● **Entries shown**:
-=-=-=-=-
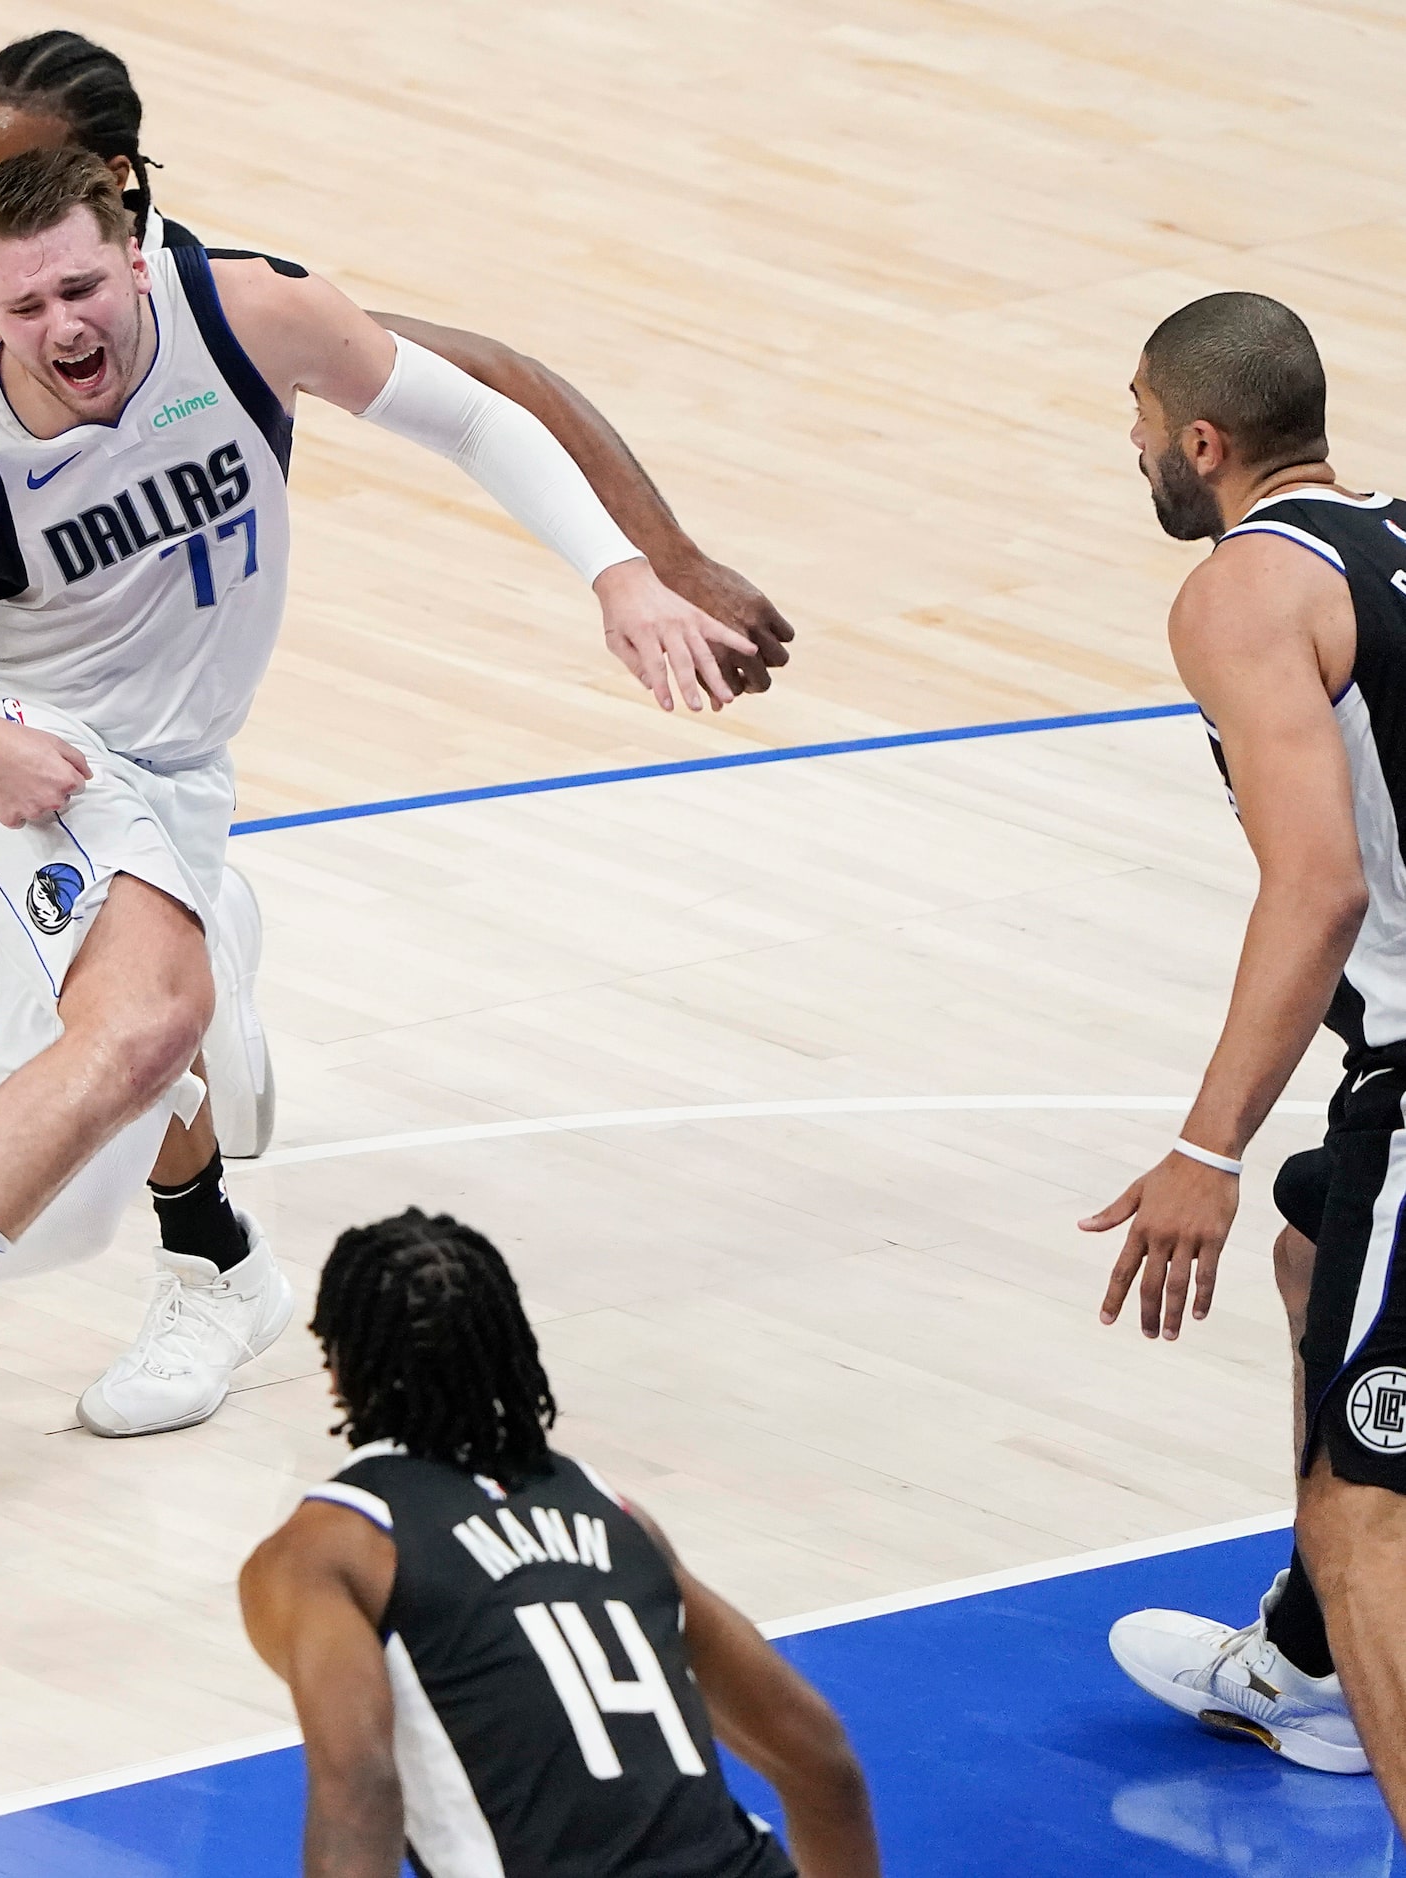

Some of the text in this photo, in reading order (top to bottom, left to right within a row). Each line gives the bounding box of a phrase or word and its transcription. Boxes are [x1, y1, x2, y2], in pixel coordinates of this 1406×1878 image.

[153, 390, 219, 428] chime
[41, 439, 252, 586] DALLAS
[159, 506, 259, 610] 77
[452, 1506, 613, 1581] MANN
[513, 1600, 707, 1780] 14
-=-=-=-=-
● **To do**: Restate each entry word for word; omit the pictures.

● **Solved problem**:
Some of the text in this photo, in reading order (top to bottom, left to right within a row). Each line gives the bounding box of a phrase or word and its transcription. Boxes are [x1, y1, x2, y2], in pixel coordinates of this 1406×1878 image.

[153, 390, 219, 428] chime
[41, 439, 252, 586] DALLAS
[159, 506, 259, 610] 77
[452, 1506, 613, 1581] MANN
[513, 1600, 707, 1780] 14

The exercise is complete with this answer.